Last month, RBS announced seven branch closures across Aberdeen and Aberdeenshire in Banff, Ellon, Huntly, Turriff, Montrose, Dyce and Bridge of Don.
Mr Rumbles spoke in the Scottish Parliament on the issue, requesting that RBS and the Scottish Government look at a new ‘shared premises’ model for town and village centres. With his fellow North East Liberal Democrats, Mr Rumbles called on the CEO of RBS to look again at the damaging impact of the closures and take steps to retain services for communities across the region by sharing facilities with other business. Following correspondence with RBS, Mr Rumbles has now requested a meeting with the CEO of Personal and Business Banking, Les Matheson.
Mr Rumbles said: “Banks still provide an essential on-street service and they have a responsibility to meet the needs of their customers. There are many loyal customers of RBS who cannot access online facilities, or feel uncomfortable using online banking.
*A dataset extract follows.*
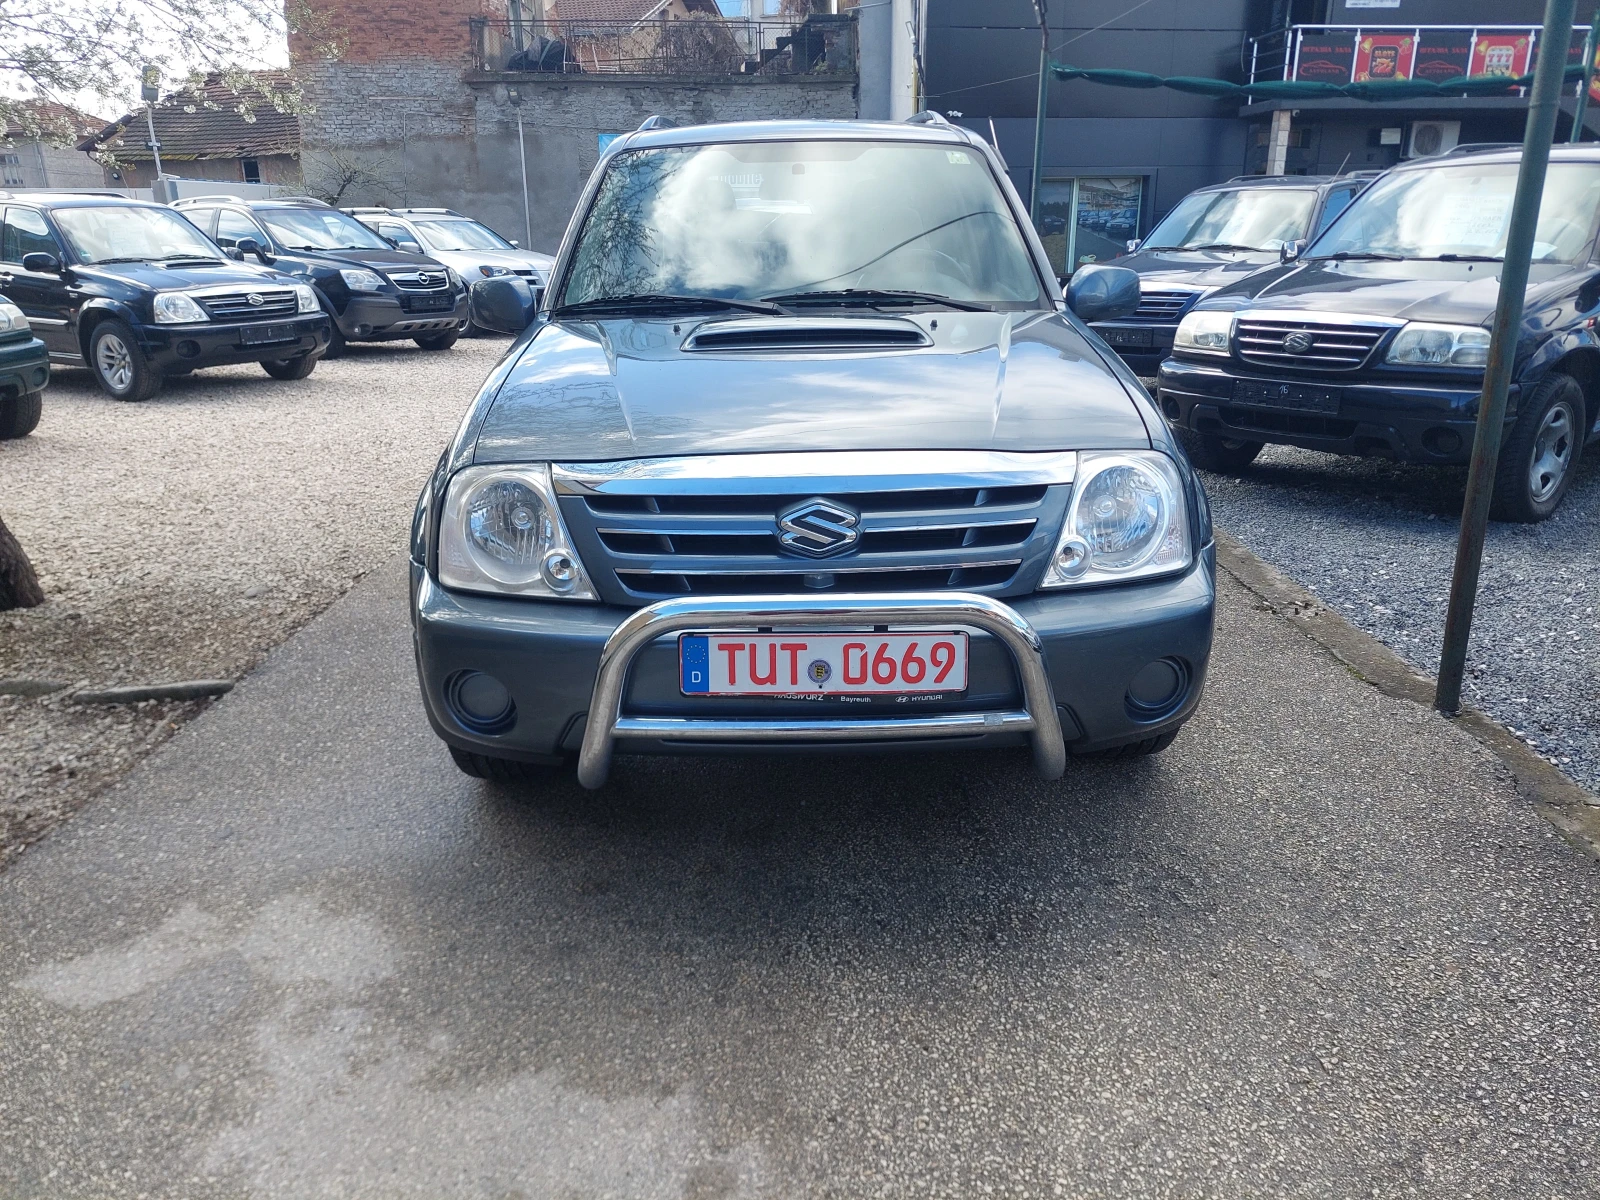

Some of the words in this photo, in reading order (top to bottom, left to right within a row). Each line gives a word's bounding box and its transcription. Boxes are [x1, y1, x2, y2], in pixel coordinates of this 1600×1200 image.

“It is simply common sense to take this opportunity to design a new way of doing things. There is nothing in the rulebook to say that local businesses and banks can’t share facilities. Just like the Post Office.”
Cllr Stirling added: “Our town centres and local services are under immense pressure. The local branch of RBS has a good local record and provides a friendly high street service. Local businesses and families depend on being able to use those services without having to travel further and further to access them. Campaigning to keep our local branch open is one of my top priorities.”
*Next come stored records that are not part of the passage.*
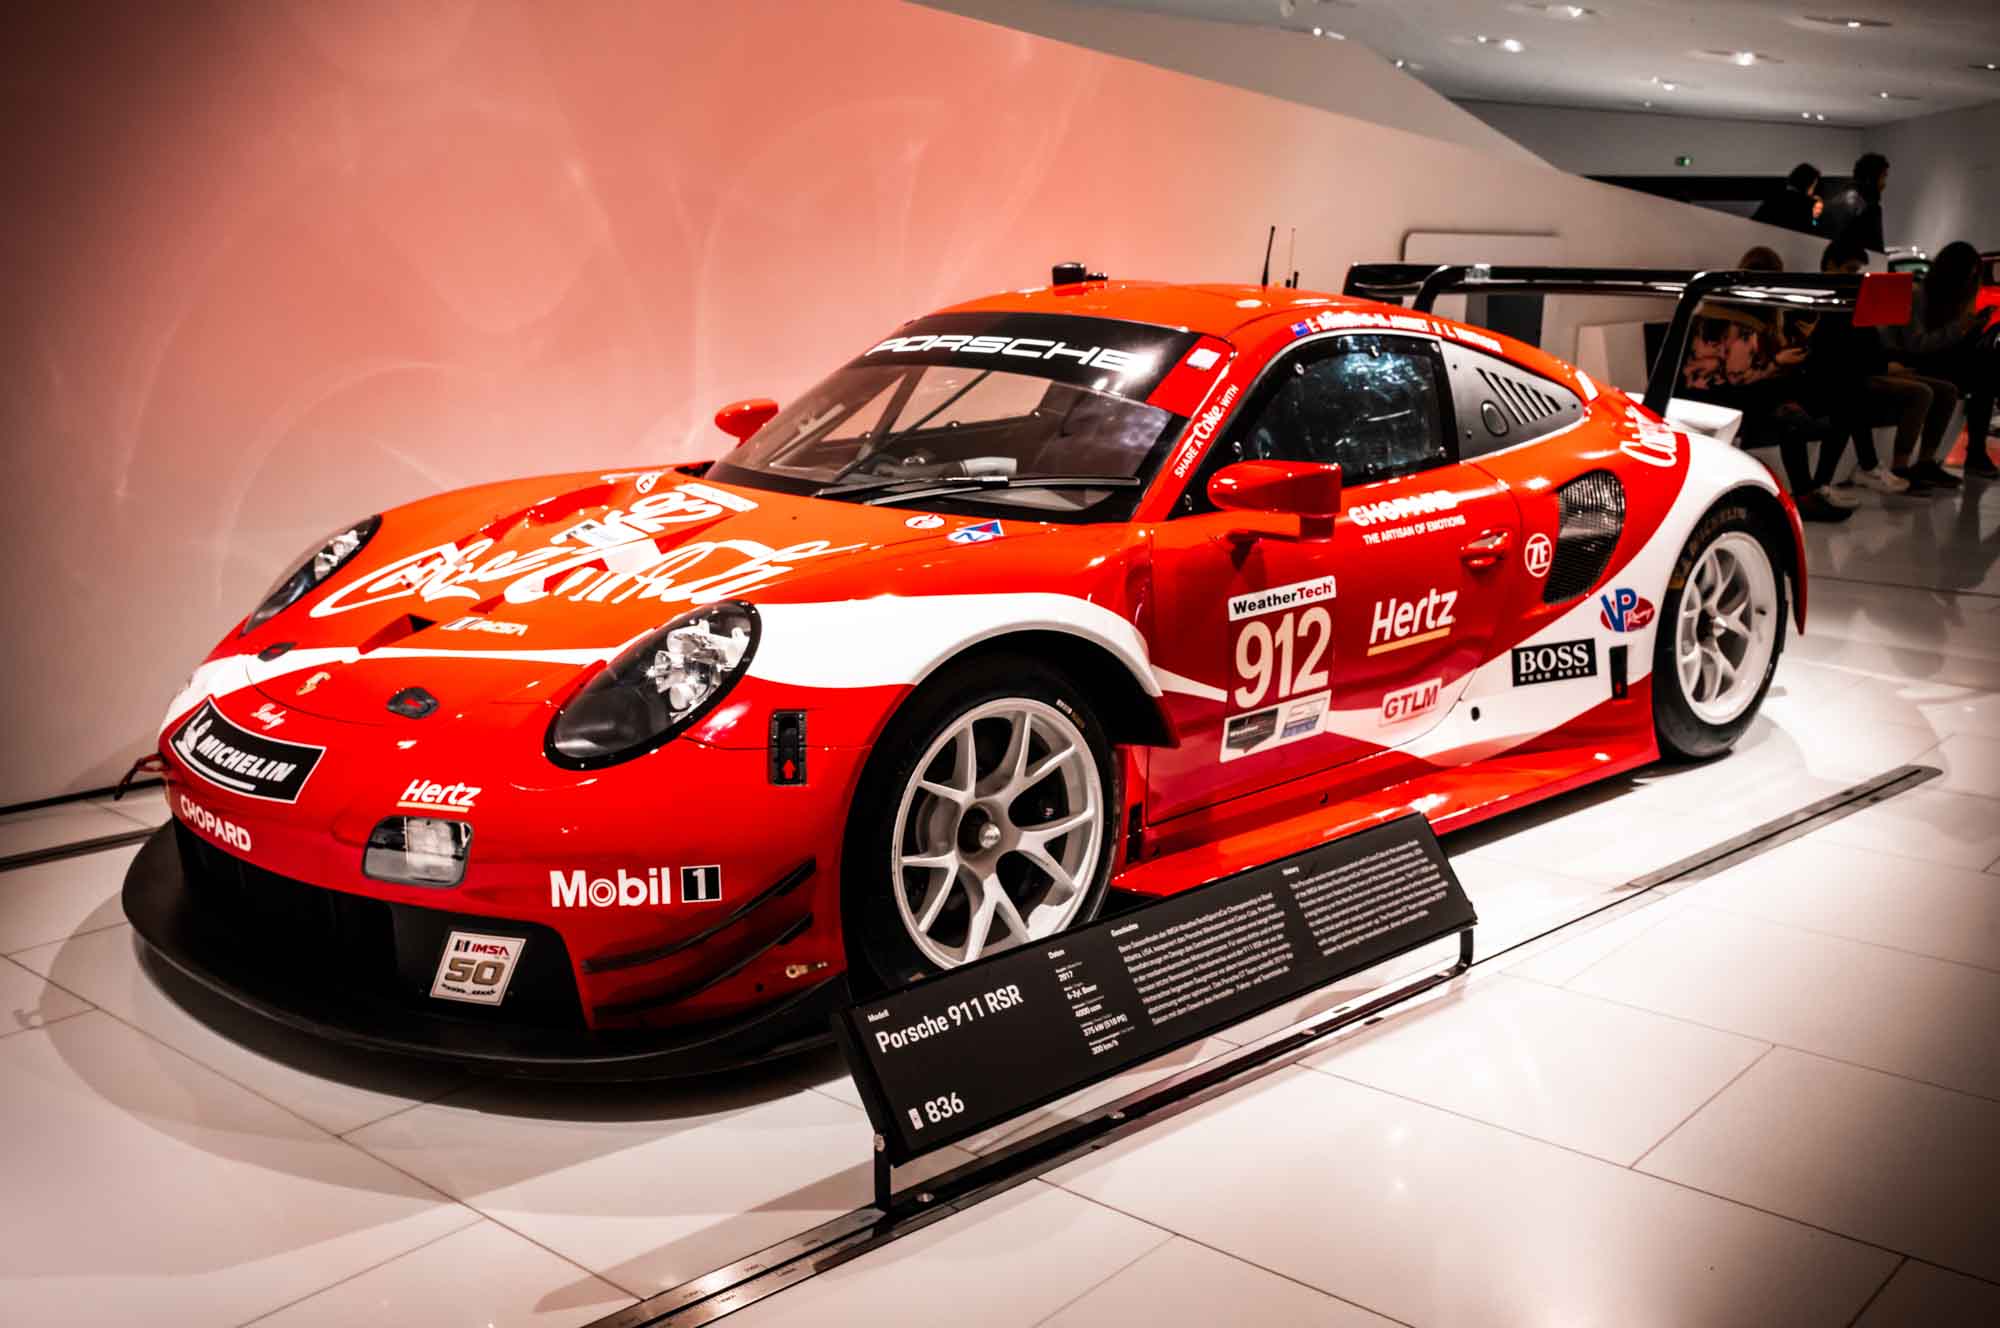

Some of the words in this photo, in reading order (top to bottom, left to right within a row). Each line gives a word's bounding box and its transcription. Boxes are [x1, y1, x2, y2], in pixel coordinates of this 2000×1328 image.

[864, 335, 1150, 374] PORSCHE
[1219, 384, 1239, 407] WITH
[1193, 405, 1225, 439] Coke
[1194, 439, 1205, 449] A
[1174, 446, 1199, 478] SHARE
[1348, 490, 1458, 526] CHOPARD
[1363, 532, 1380, 544] THE
[1381, 525, 1415, 542] ARTISAN
[1414, 522, 1426, 534] OF
[1425, 514, 1466, 532] EMOTIONS
[1233, 582, 1332, 614] WeatherTech
[1601, 588, 1637, 632] VP
[1369, 588, 1458, 644] Hertz
[1234, 606, 1332, 708] 912
[1519, 643, 1589, 674] BOSS
[1384, 685, 1439, 718] GTLM
[196, 733, 297, 782] MICHELIN
[401, 779, 482, 806] Hertz
[181, 795, 252, 852] CHOPARD
[549, 866, 671, 908] Mobil
[444, 957, 505, 986] 50
[875, 1015, 949, 1053] Porsche
[947, 997, 985, 1026] 911
[984, 984, 1024, 1014] RSR
[924, 1092, 965, 1123] 836
Cllr Davidson repeated the calls for the service to be retained: “It is incredibly short-sighted of RBS to cut local banking services. I have no doubt it will lead to many people switching to another bank. What we need now is some forward thinking from RBS. The bank is still under public ownership and they have a duty to serve the public.”
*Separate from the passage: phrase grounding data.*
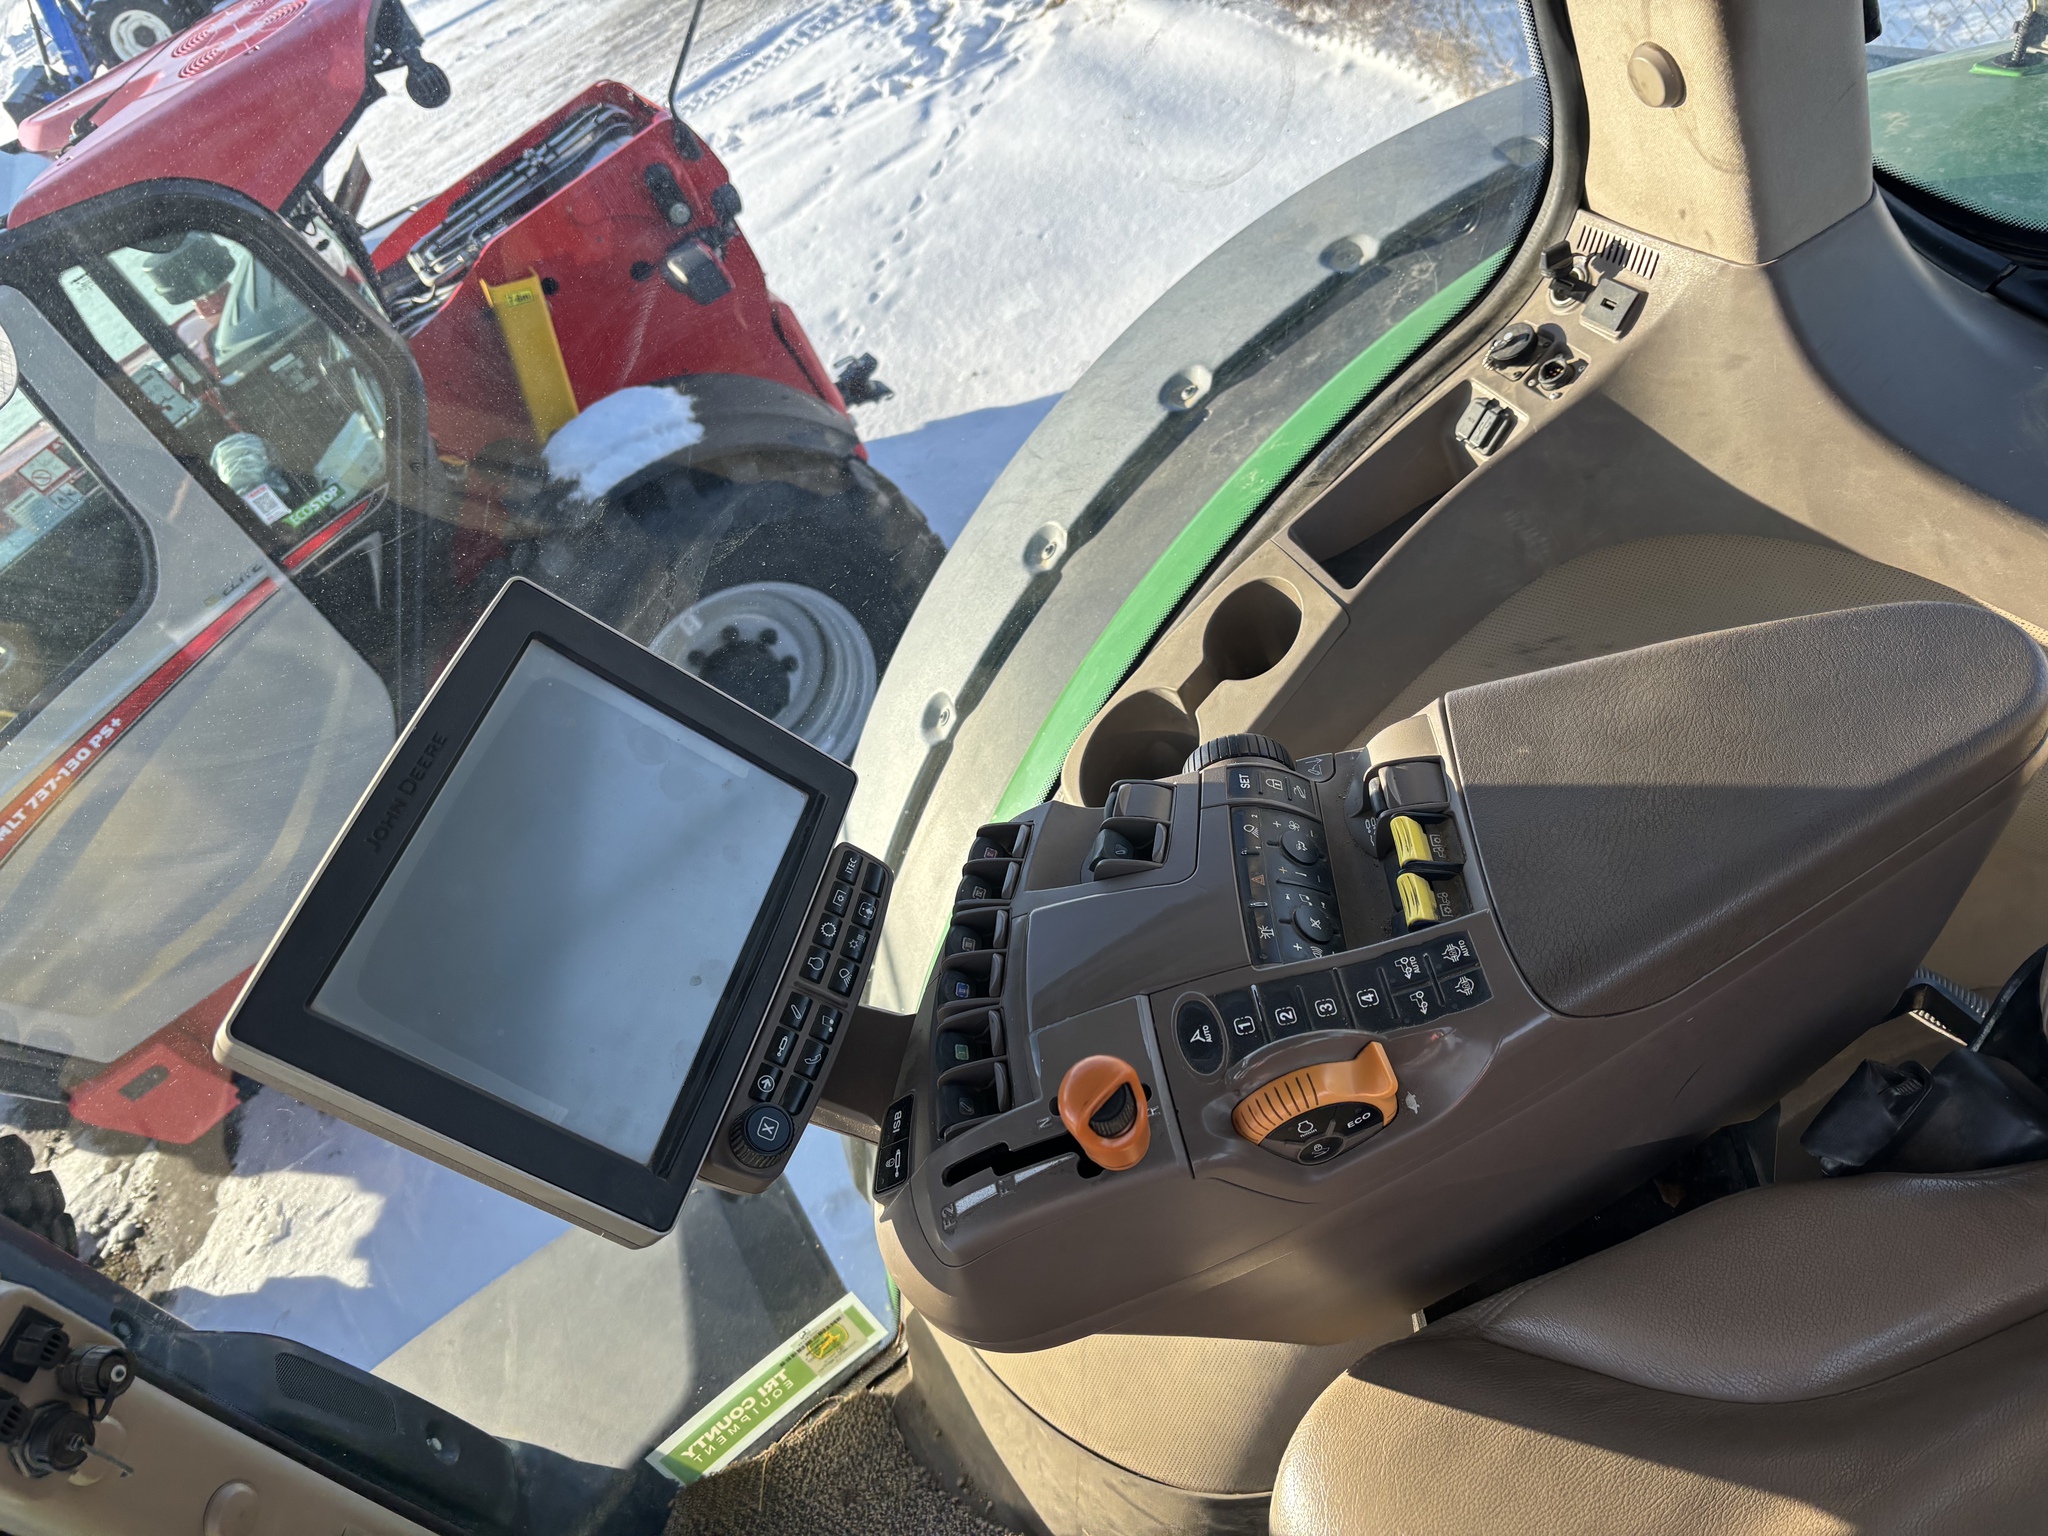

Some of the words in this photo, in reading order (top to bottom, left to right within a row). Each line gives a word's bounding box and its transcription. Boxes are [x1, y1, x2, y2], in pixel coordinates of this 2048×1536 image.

[289, 485, 338, 525] ECOSTOP
[0, 808, 27, 840] MLT
[24, 747, 92, 810] 737-130
[88, 717, 122, 748] PS+
[1239, 774, 1251, 789] SET
[364, 798, 407, 853] JOHN
[397, 731, 449, 797] DEERE
[844, 857, 858, 875] iTEC
[1458, 939, 1471, 957] AUTO
[1409, 956, 1421, 974] AUTO
[1360, 992, 1375, 1002] 4
[1279, 1010, 1294, 1021] 2
[1319, 1002, 1333, 1013] 3
[1202, 1025, 1213, 1043] AUTO
[1237, 1021, 1251, 1030] 1
[892, 1110, 903, 1133] ISB
[1036, 1116, 1052, 1129] N
[1346, 1112, 1371, 1129] ECO
[941, 1202, 957, 1231] F2
Cllr Latham also added: “When the branch in Alford closed, local residents and businesses were told to move their accounts to Huntly and Westhill. Now that the branch in Huntly is closing, and Westhill is long gone, some loyal customers may have to make a fifty mile round trip to the closest RBS.
“Huntly is a self-contained town full of businesses and it is a considerable distance to the next available branch, not having a local Royal Bank is simply not good enough. The bank must rethink this damaging move.”
Notes for Editors:
- Text of letter from Mike Rumbles to RBS CEO of Personal and Business Banking, Les Matheson (10/01/18):
Thank you for your reply of 15th December regarding RBS branch closures in the North East.
You may be aware that the Scottish Parliament recently held a Members Business debate to consider the issue of RBS branch closures and its damaging impact on rural communities. I was fortunate to be called to speak in the debate and I would like to take this opportunity to reiterate my position.
Like many in the North East, I am a former customer of RBS. I no longer banked with RBS when my local branch in Alford was closed. Despite this, many of my constituents remained loyal to the bank under the assurance that neighbouring branches in Huntly and Westhill would remain open. Now those very same customers are being asked to travel even further, in many cases a trip to the closest branch will now require a round trip of fifty miles or more.
I am certain you will understand the disappointment of many businesses and individuals who depend on having good and frequent access to on-street services. Likewise, I am sure you will also appreciate that mobile banks will not deliver the same level of service that your customers have come to expect from RBS.
With that in mind, I urge you to consider retaining services in rural communities in the North East. I encourage you to take this opportunity to try a new model, such as sharing premises or banking facilities with other high street businesses.
It would be greatly appreciated if you could take the time to meet me to explore the pros and cons of establishing such a new model for the rural North East.